Death Stranding 2 Supply Requests dağınıklık sorunu veya The Blood of Dawnwalker'ın tehlikeli sandbox yapısı gibi diğer haberlerimizi okuduğunuzu varsayarsak, bir eğilimi fark edeceksiniz. Daha fazla oyun büyük duygusal riskler içeren küçük sistemlere yöneliyor. Cairn bu fikri alıyor ve neredeyse hiçbir şey yapmayarak ve bunu iyi yaparak onunla çalışıyor.
Belki de bu yüzden Cairn insanların aklında gişe rekorları kıran filmlerden daha fazla yer ediyor. Eğlendirmeye çalışmıyor. Sadece hayatta kalmaya çalışıyor. Ve bunu yaparken de oyunculara bulunması biraz daha zor bir şey veriyor: odaklanma. Her seferinde tek bir şeyle ilgileniyorsunuz. Tutuşunuz. Nefesiniz. Bir sonraki adımınız.

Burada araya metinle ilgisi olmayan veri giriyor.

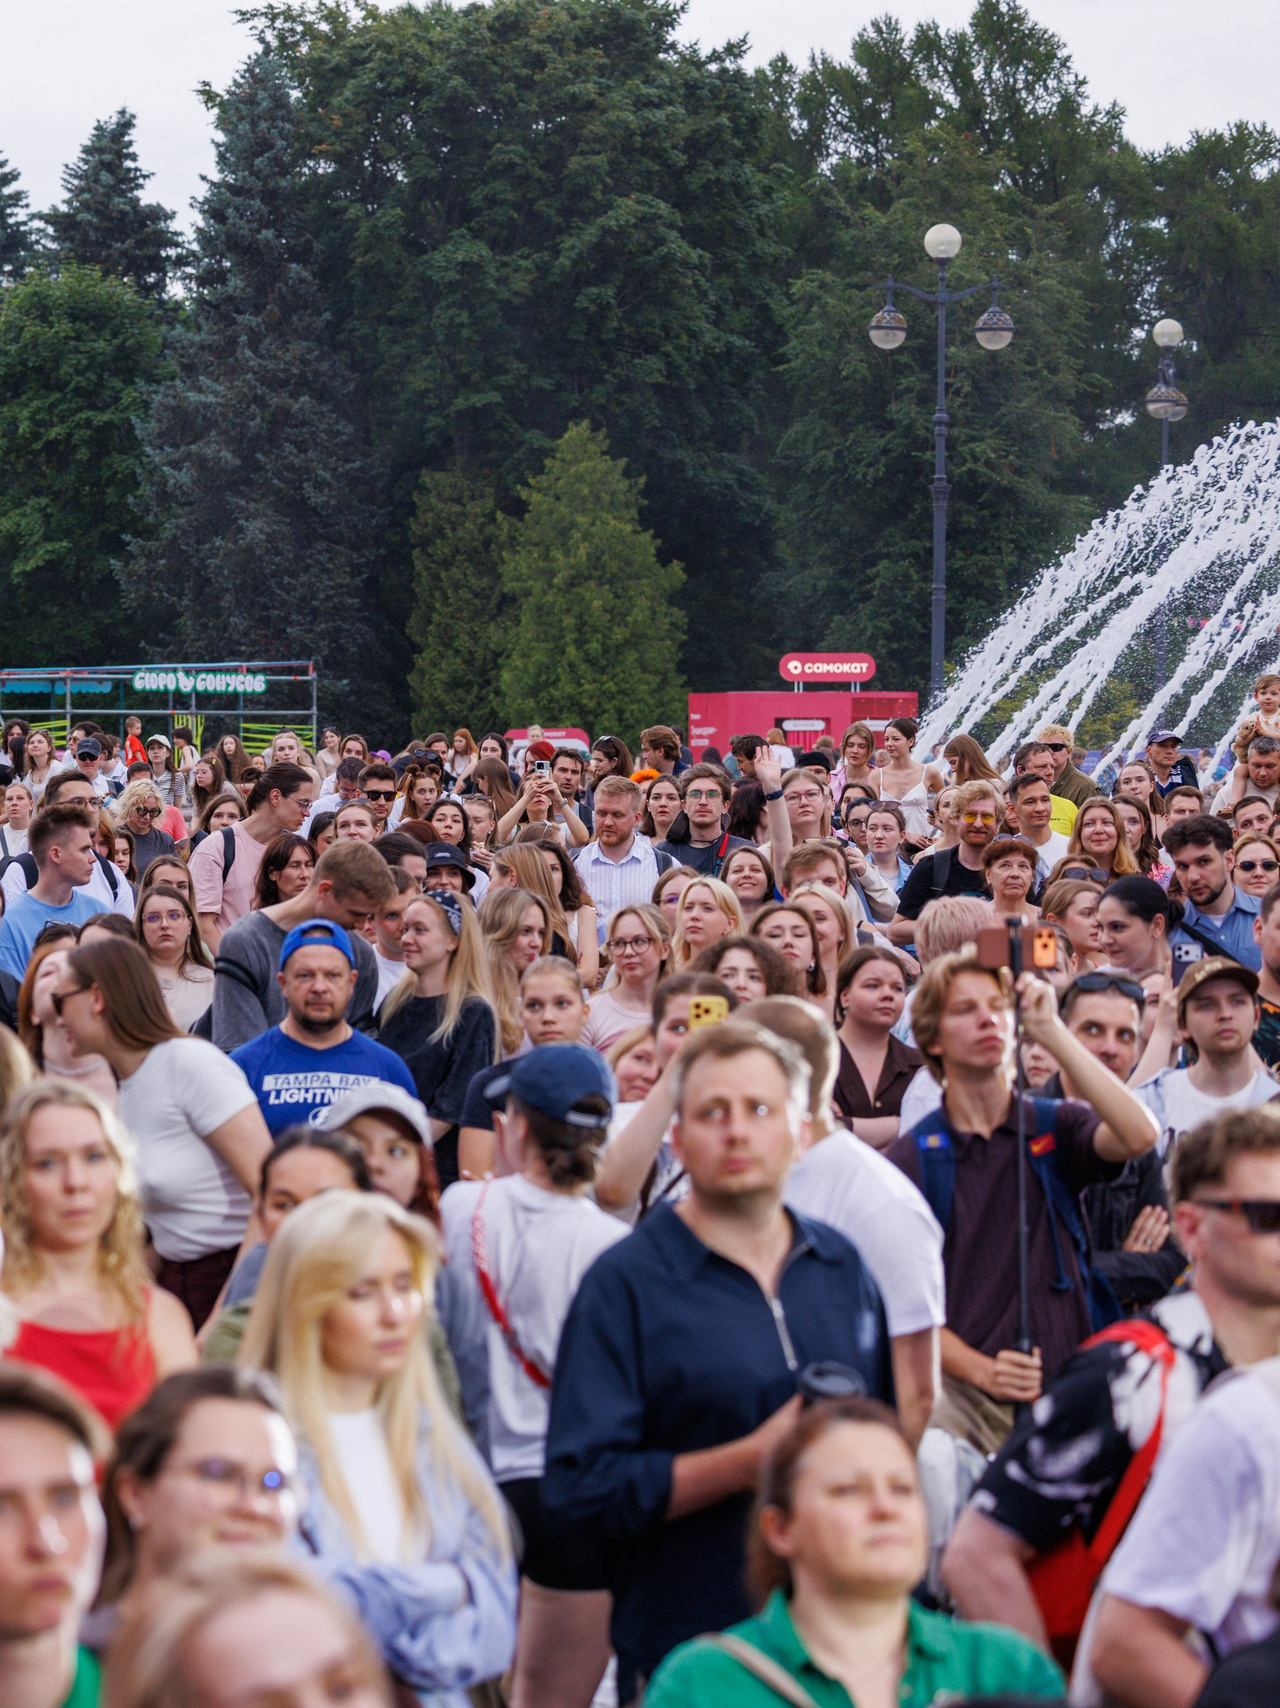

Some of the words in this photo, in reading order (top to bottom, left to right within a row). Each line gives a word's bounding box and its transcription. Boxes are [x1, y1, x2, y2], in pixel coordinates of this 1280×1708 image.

Bu, tırmanmayı dünyadaki en zor şeymiş gibi ele alan bir tırmanma oyunu ve tek başına bu bağlılık nadirdir. Tam sürüm çıktığında, Cairn size kattıklarıyla değil ama vermeyi reddettiği şeylerle son yılların en unutulmaz hayatta kalma oyunlarından biri haline gelebilir.